◆ TASK PROMPT:
Exactly as written, return the entries below, minus any pictures.

(Dataset entries)
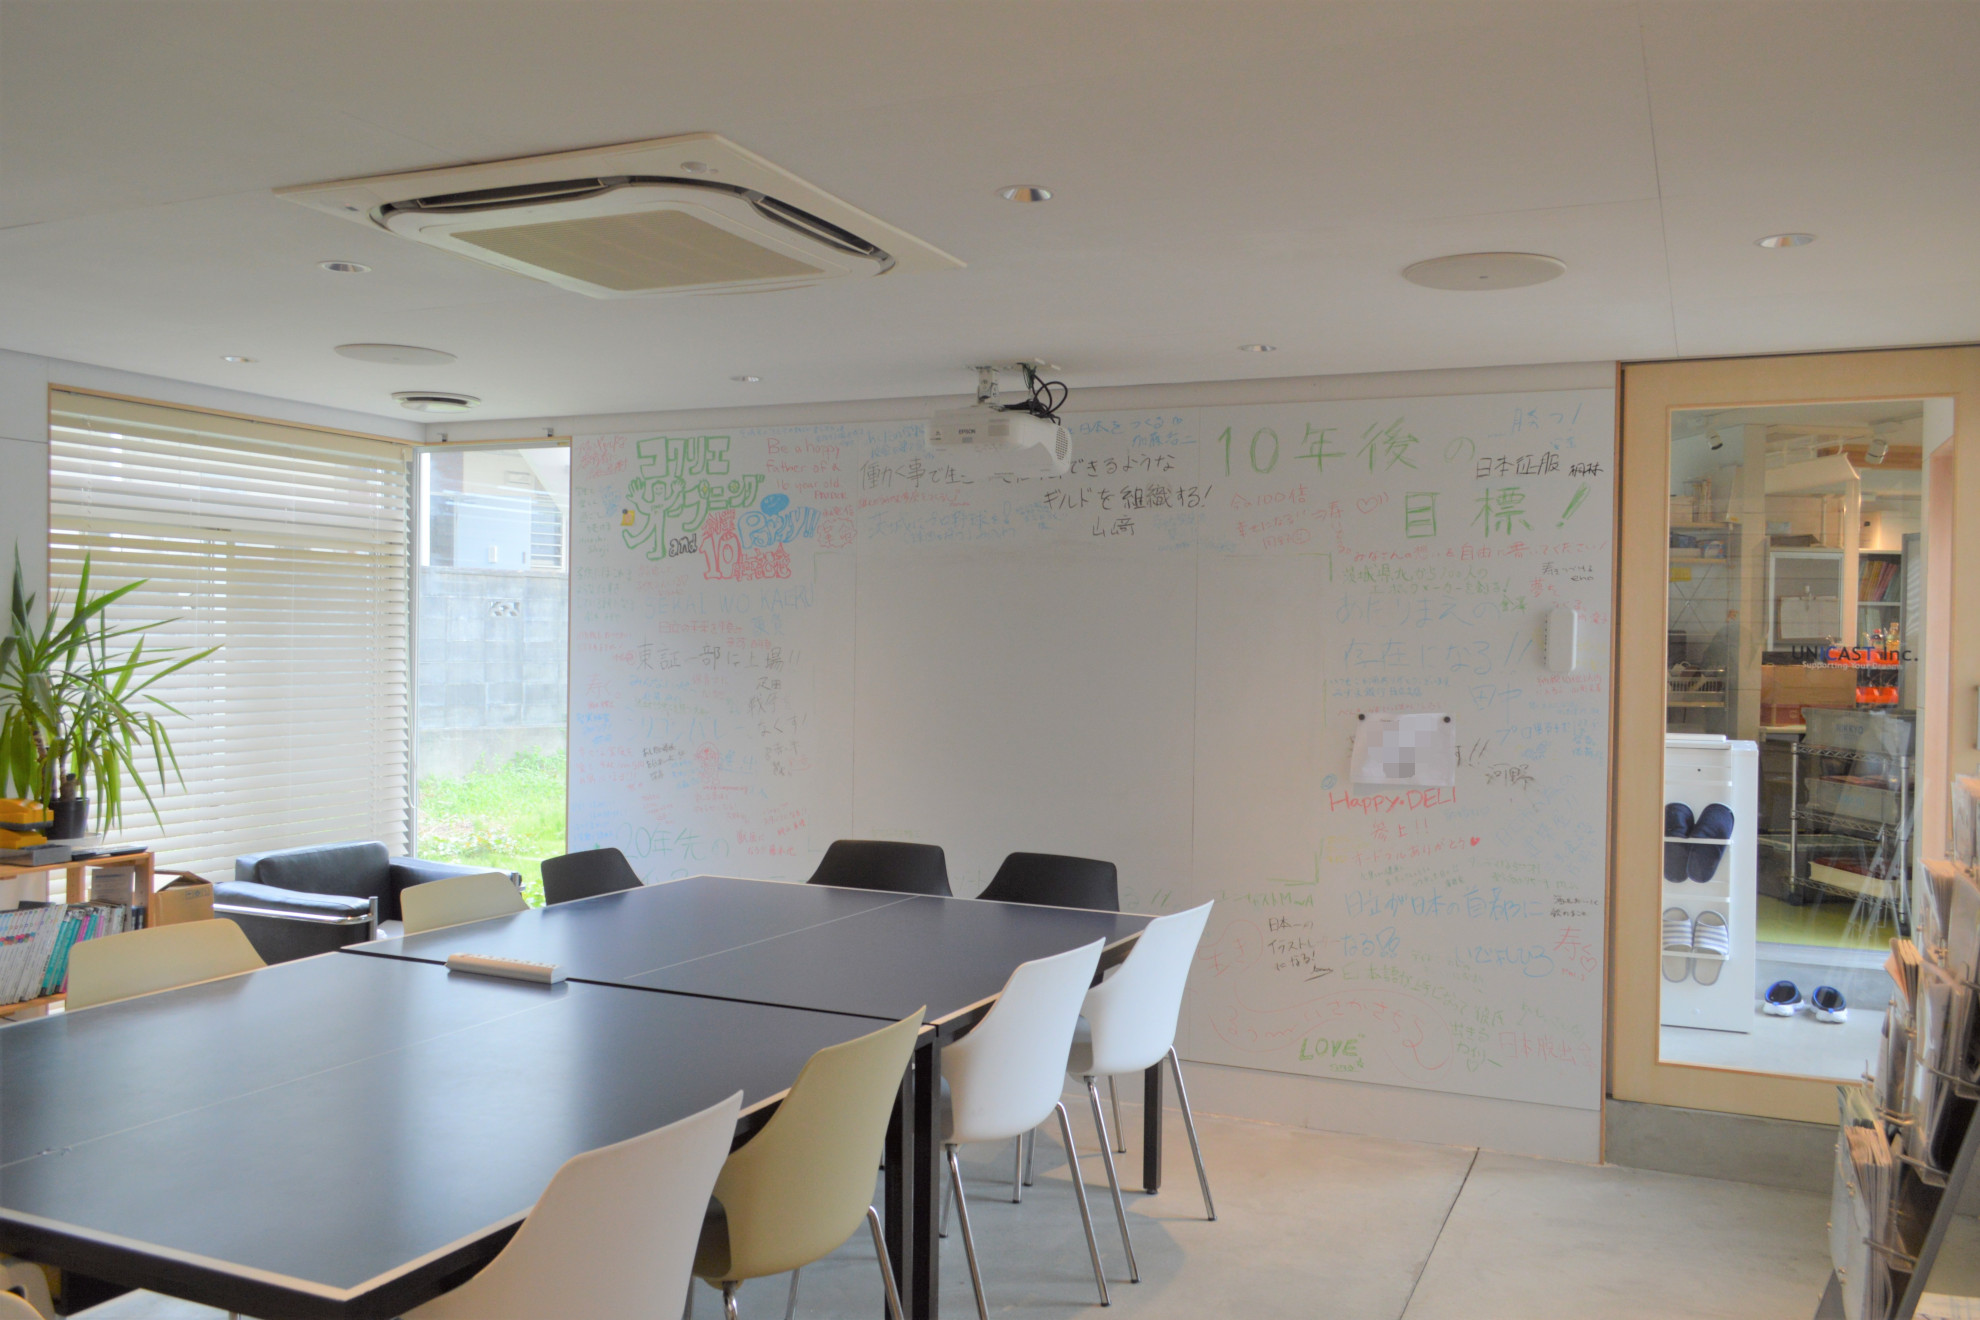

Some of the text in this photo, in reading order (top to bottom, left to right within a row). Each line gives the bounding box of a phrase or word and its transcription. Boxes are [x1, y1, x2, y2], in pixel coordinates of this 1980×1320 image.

[767, 437, 788, 455] Be
[1217, 416, 1477, 477] 10年後の
[1043, 484, 1213, 511] ギルドを組織する!
[1404, 482, 1591, 539] 目標!
[668, 533, 698, 557] and
[1791, 645, 1919, 662] UNICAST Inc.
[1298, 1036, 1360, 1062] LOVE

◆ RESPONSE:
Some of the text in this photo, in reading order (top to bottom, left to right within a row). Each line gives the bounding box of a phrase or word and its transcription. Boxes are [x1, y1, x2, y2], in pixel coordinates of this 1980×1320 image.

[767, 437, 788, 455] Be
[1217, 416, 1477, 477] 10年後の
[1043, 484, 1213, 511] ギルドを組織する!
[1404, 482, 1591, 539] 目標!
[668, 533, 698, 557] and
[1791, 645, 1919, 662] UNICAST Inc.
[1298, 1036, 1360, 1062] LOVE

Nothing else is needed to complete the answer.